Hace poco tiempo vino a hacerme un reportaje un periodista alemán de no sé qué diario, de La Cotorra de Frankfurt, por ejemplo. Imagínense, alto, rubio, informal, socialista, culto, amable, puntual, la clase de hombre con el que yo me casaría si fuera mujer para que me sacara de esa ciudad de mierda. El tipo –Fritz, digamos- vino con una secretaria que parecía una tapa de Playboy, y con un grabador que costaba diez veces más que la producción completa de la obra que le interesaba tanto.

Me empieza a preguntar sobre el distanciamiento y esas cosas. Yo, como soy porteño, sabía mucho más que él de todas esas cosas y podía haber hecho un buen papel: hablar, por ejemplo, de las ideas de Meyerhold empantanadas en el brechtismo, de la contradicción irresoluble entre grotesco y totalitarismo, de la actuación como brazo armado de la psicología que a su vez es la organización policial de la política y de varias vivezas como éstas. Podía, pero no pude. No sé si por el grabador, por la rubia o por la envidia que me multiasaltaba, le dije que de lo único que quería hablar era de la deuda externa de mi país. Y que no quería hablar de otra cosa. Que nosotros los estábamos reconociendo como acreedores de algo que nunca recibimos, que ellos nos pisoteaban como deudores y que seguramente el diario que lo enviaba como corresponsal pertenecía a un banco que se beneficiaba de esa deuda. ¿Podíamos hablar sinceramente de otra cosa? Se enfureció con educación y primero me trató como a un loco desagradecido: ¿acaso yo no estaba satisfecho con la democracia? Después, ya me matoneaba: ¿por qué aceptábamos que no se juzgara a todos los torturadores y asesinos? Así, pasé de ser desagradecido a ser un cobarde. Me acordé en ese momento de lo que pasa cuando un chico mendigo se acerca a una mesa y alguna chica izquierdista y sentimental comienza a hacerle preguntas: ¿cuántos hermanitos tenés?, ¿tu mamá qué hace?, ¿no te gustaría ir al colegio? En ese momento yo era el mendigo y Fritz la psicóloga izquierdista. La situación no tenía arreglo. Ese mismo periodista hubiera estado encantado de que Fassbinder lo meara encima, pero claro: Fassbinder es un chico bien, muy rebelde, pero de su mismo colegio. Yo tenía que hablar de lo que él necesitaba, mostrarle cómo en medio de la hiperinflación estaba defendiendo lo más noble de su cultura, olvidándome de que recibía lo peor. Tenía que ser una basura sudaca, pero con la serenidad de un socialdemócrata subsidiado. Dicho así es difícil de creer que se pueda, pero a mucha gente le sale bien.
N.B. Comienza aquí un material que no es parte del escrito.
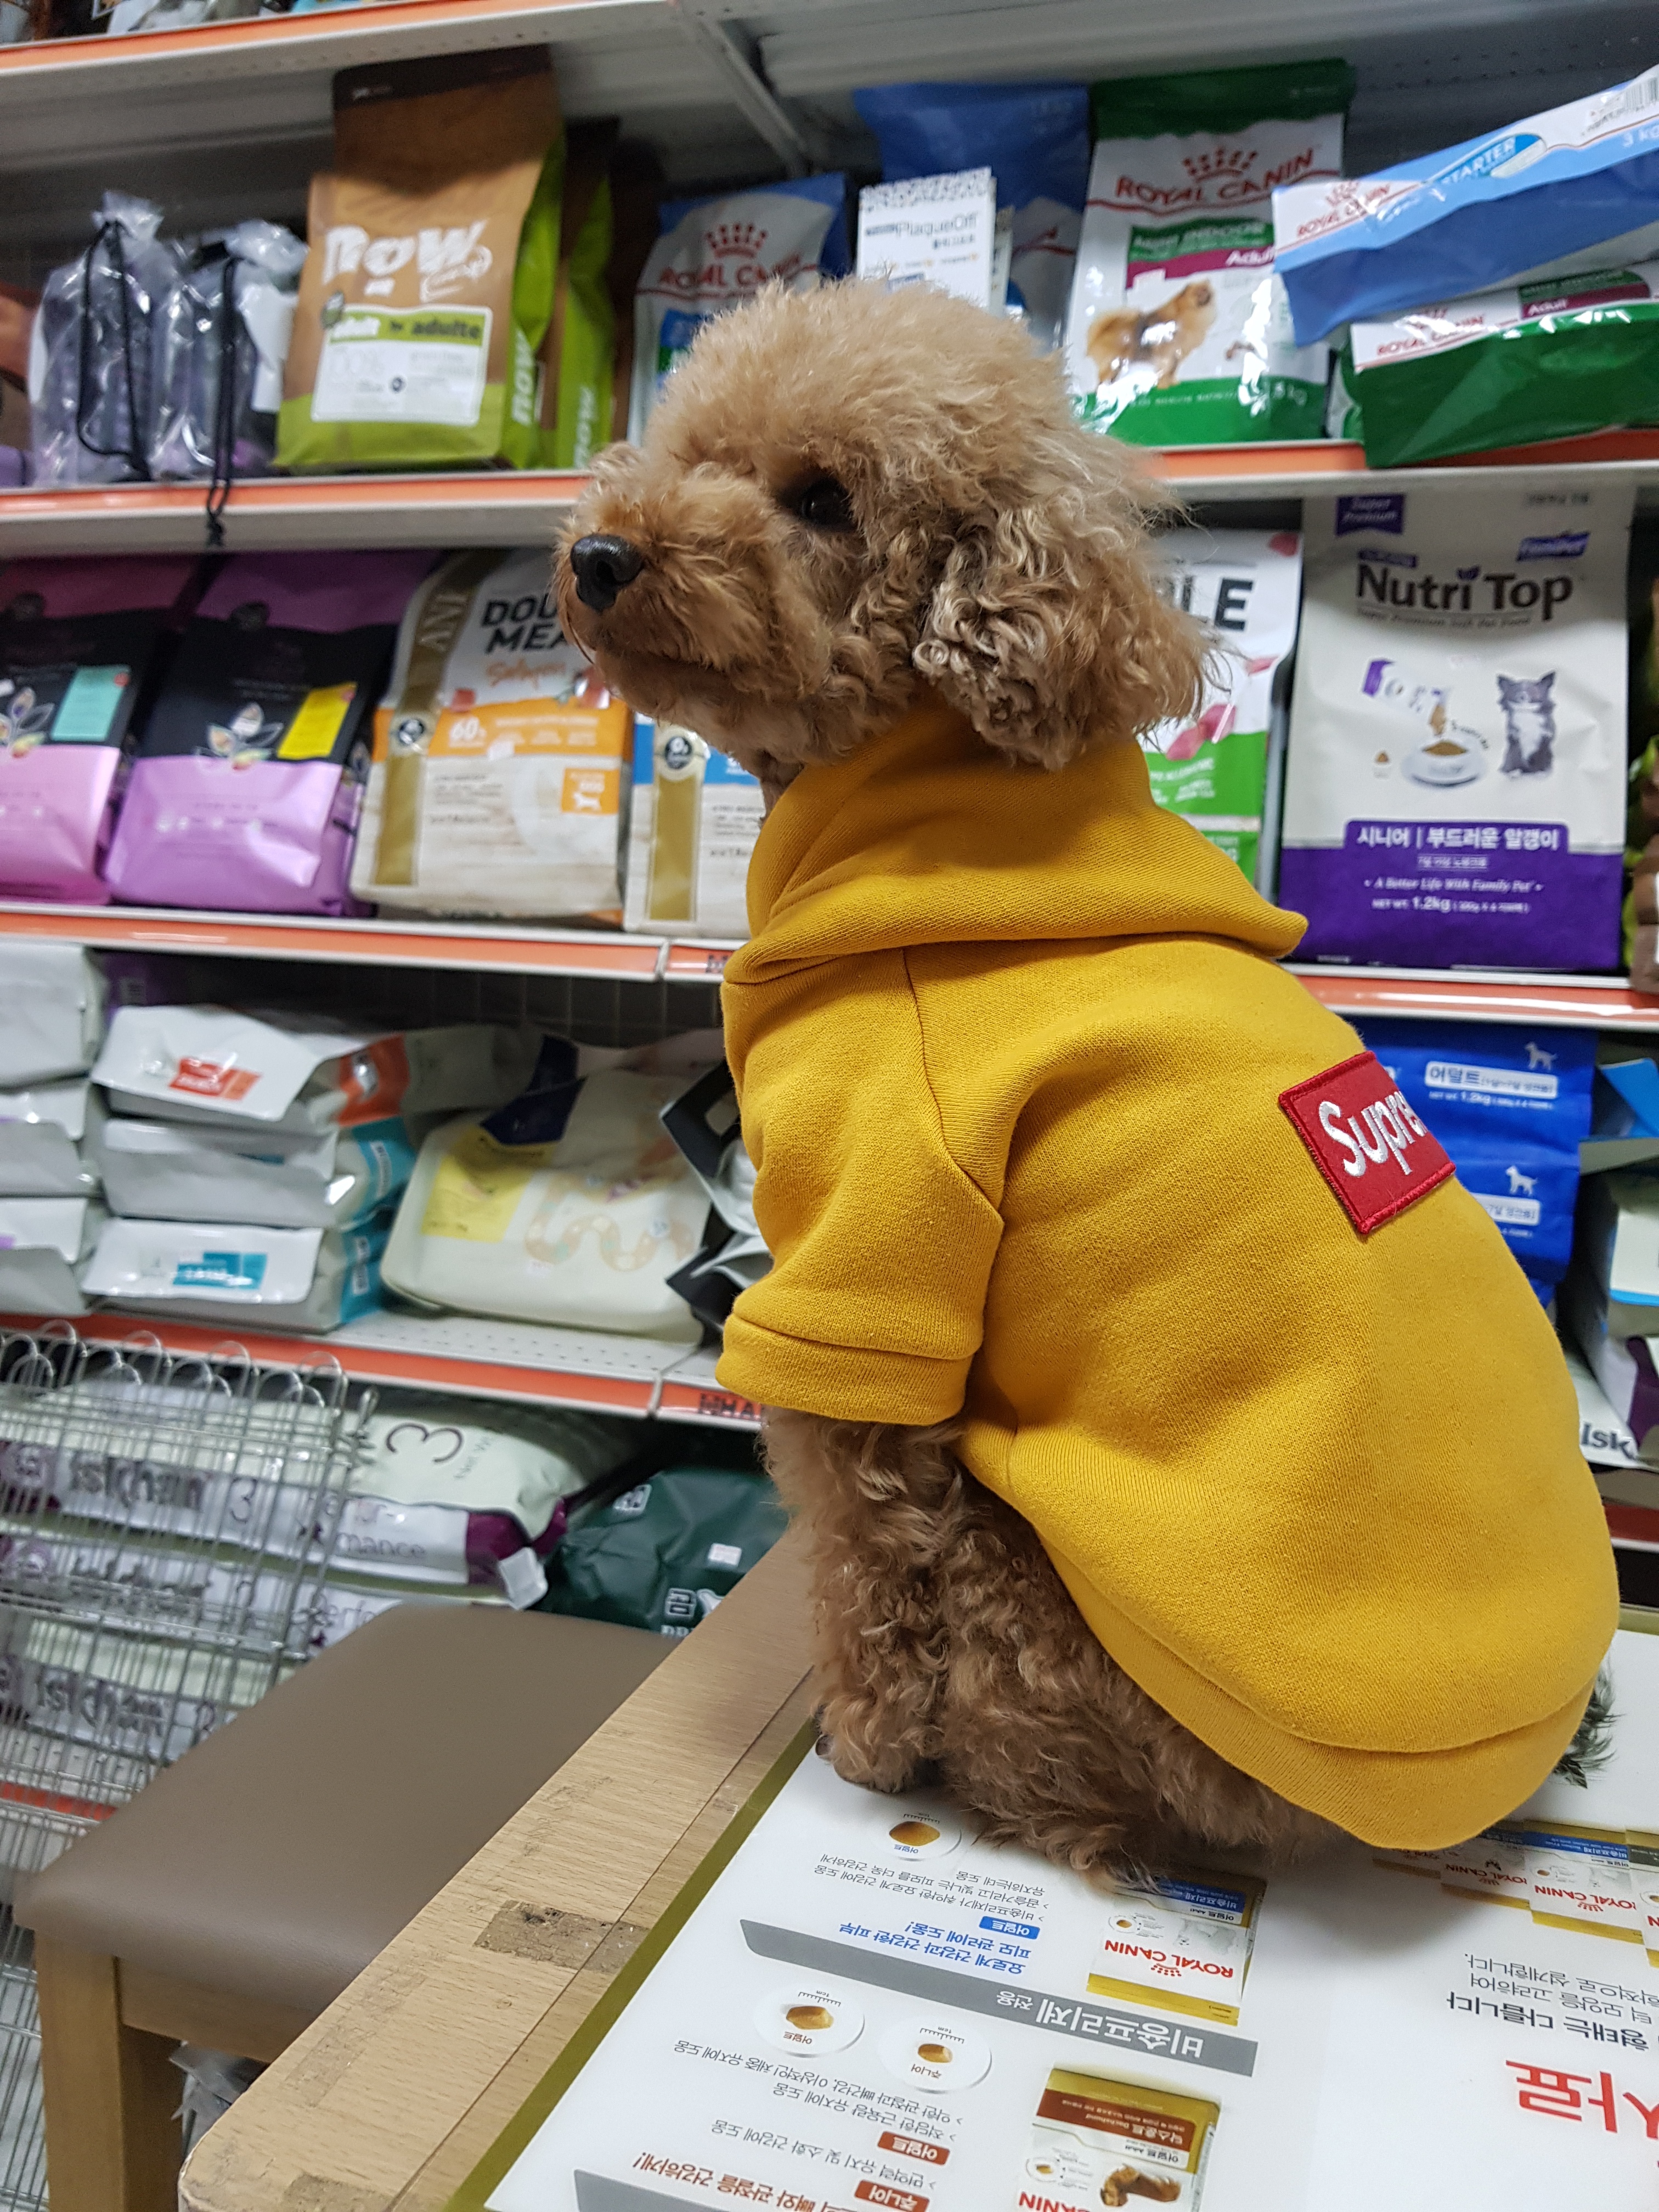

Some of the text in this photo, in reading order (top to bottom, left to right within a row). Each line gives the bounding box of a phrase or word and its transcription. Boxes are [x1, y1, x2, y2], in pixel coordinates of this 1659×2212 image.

[1217, 148, 1314, 199] CANIN
[1356, 563, 1573, 621] Nutri Top
[1357, 826, 1410, 849] 시니어
[1504, 828, 1559, 851] 알갱이
[1412, 896, 1452, 913] 1.2kg
[1429, 1066, 1481, 1085] 어덜트
[893, 1844, 919, 1854] 어덜트
[820, 1853, 1040, 1909] 곱슬거리고 빛나는 피모를 더욱 건강하게
[956, 1870, 1046, 1897] 유지하는데 도움
[1445, 1864, 1487, 1877] CANIN
[814, 1864, 1034, 1921] 비숑프리제가 취약한 요로계 건강에 도움
[1534, 1884, 1587, 1901] CANIN
[904, 1921, 1032, 1960] 피모 관리에 도움!
[991, 1920, 1031, 1937] 어덜트
[838, 1922, 1026, 1975] 요로계 건강과 건강한 피부
[1104, 1939, 1234, 1979] ROYAL CANIN
[1464, 1953, 1570, 1987] 설계합니다.
[1470, 1972, 1652, 2024] 턱 모양을 고려하여
[996, 1989, 1204, 2059] 비숑프리제 전용
[1446, 1991, 1649, 2051] 형태는 다릅니다
[674, 2040, 703, 2056] 도움
[783, 2031, 812, 2045] 어덜트
[701, 2046, 743, 2066] 유지에
[744, 2057, 774, 2073] 체중
[773, 2064, 829, 2087] 이상적인
[911, 2063, 943, 2079] 주니어
[772, 2083, 945, 2140] 적당한 근육량 유지에 도움
[877, 2092, 920, 2114] 관절과
[922, 2104, 951, 2124] 약한
[712, 2119, 924, 2189] 면역력 유지 및 소화 건강에 도움
[891, 2136, 938, 2161] 어덜트
[632, 2152, 816, 2212] 뼈와 관절을 건강하게!
[868, 2184, 918, 2212] 주니어
Como es casi inevitable, estética teatral y política aparecen mezcladas como en una halografía, y el movimiento más imperceptible las confunde y las diferencia. Y así como supongo que los políticos tendrán que cambiar sus categorías –por lo menos los políticos que pregonan un cambio, porque si no, van a terminar todos siendo derechistas modernos o predicadores pentecostales de la democracia-, el teatro también debe hacerlo. En la Argentina, quizás por una tradición nacional, esta urgencia se muestra confusa.
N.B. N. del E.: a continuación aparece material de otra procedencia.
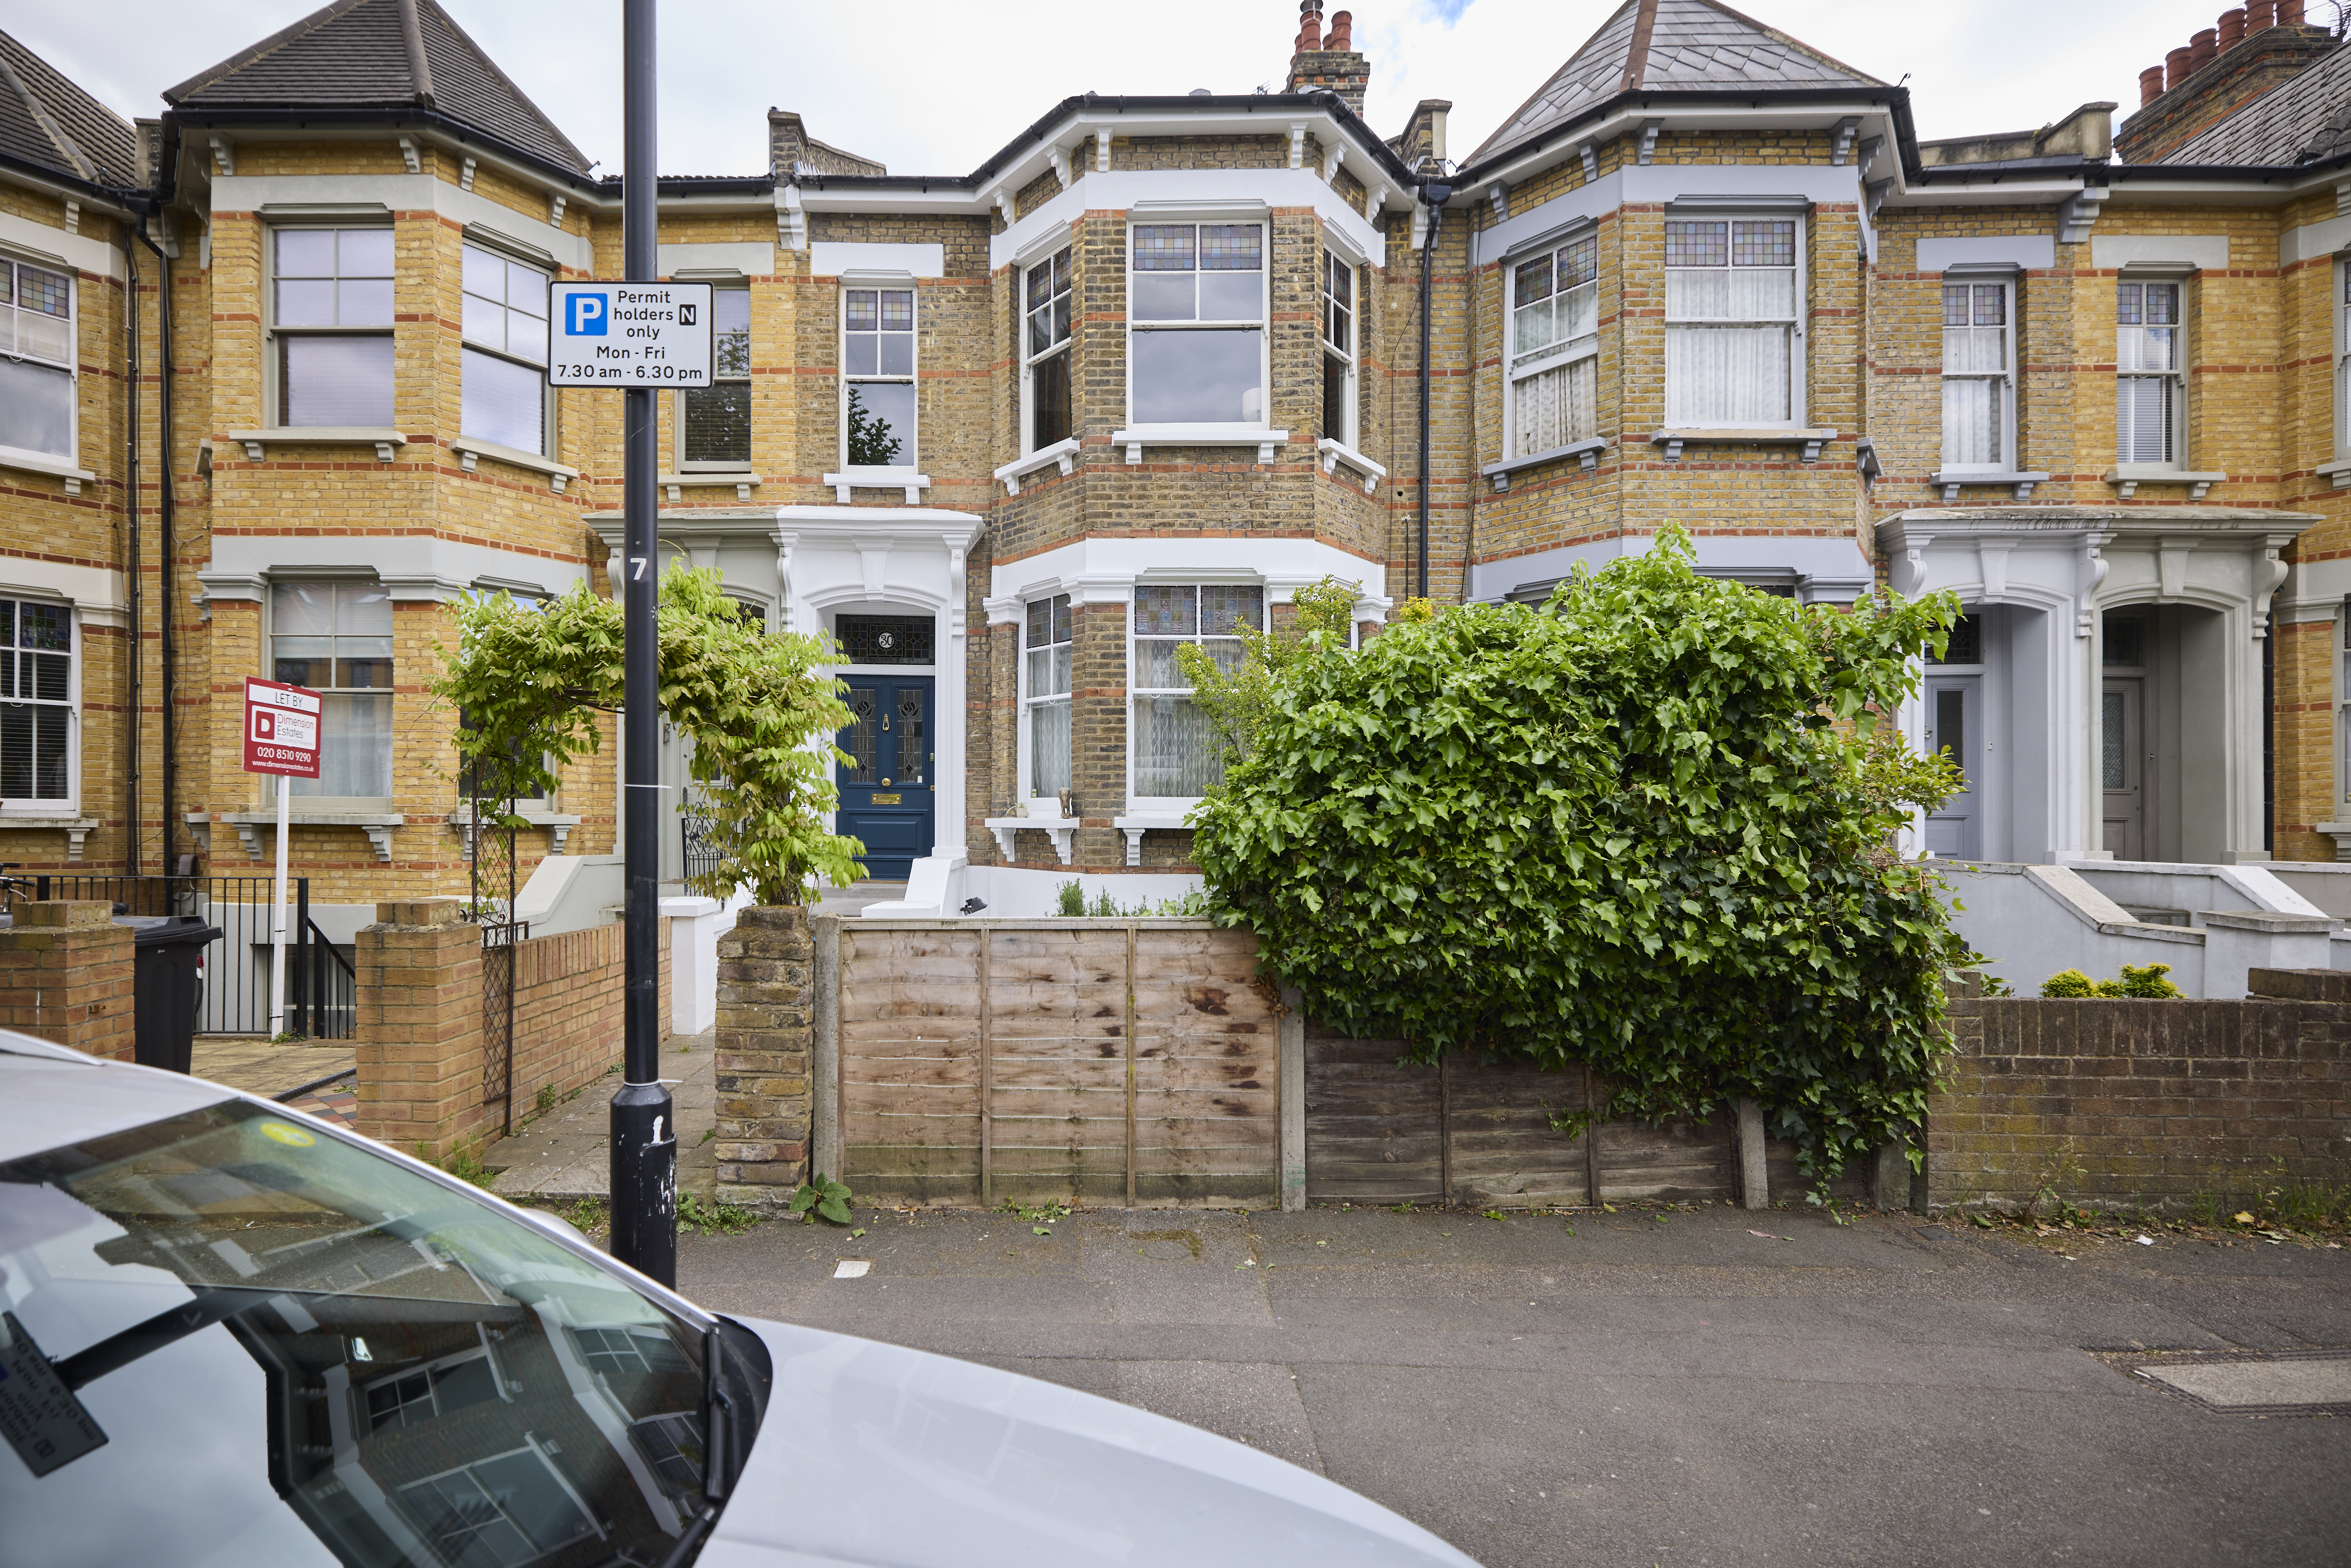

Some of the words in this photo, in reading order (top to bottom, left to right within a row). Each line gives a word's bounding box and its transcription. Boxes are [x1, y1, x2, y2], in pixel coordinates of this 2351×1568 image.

Una complicación es que el teatro no tiene claramente diferenciados los lenguajes con que se refiere a sí mismo. El único que aparece es el de la crítica de los medios masivos, y ésa es casi siempre deductiva; parte de los modelos académicos establecidos para controlar los acercamientos y alejamientos del caso concreto, los matices de sus casi inevitables imperfecciones o los destellos de sus coincidencias con el modelo elegido. Esta preceptiva tiene generalmente dos extremos: el ideológico, que sólo busca la confirmación de lo que ya pensaba, y el psicológico, cuyo paradigma es el entretenimiento personal del crítico, los vaivenes de su casquivana atención. El teatro suele estar así arrinconado por un comisario político y una preciosa de salón y para colmo de males, el comisario político suele ser un sádico stalinista y la preciosa, un marica malcriado. Esta descripción puede sonar excesiva, pero no hay más remedio que buscar una combinación de esas dos posiciones y saltar de una a otra con ingenio, tratando con gracia de no molestar demasiado al teatro. Si el lenguaje de la crítica fuera sólo una excrecencia literaria, como sucede con la mayoría de los comentarios deportivos, lo abarcarían las generales de la ley: unas críticas gustarían, algunas aburrirían, otras repugnarían y listo. Pero la crítica de teatro funciona también como la avanzada del gusto del público y como promotora hacia el prestigio, y entonces su poder es político y no sólo imaginario. Es un lenguaje que, como el jurídico, puede aparecer pomposamente complicado pero que, cuando uno está preso, se muestra vitalmente concreto. Ese poder ha llevado a los que hacen teatro a un diálogo viciado de hipocresía con la crítica de cualquier signo, porque de ella depende buena parte del público, los viajes, los festivales, los prestigios. En realidad, esto no es tan grave. Lo grave es que no haya otros pensamientos que acompañen al teatro, porque en su situación actual le resultan fundamentales.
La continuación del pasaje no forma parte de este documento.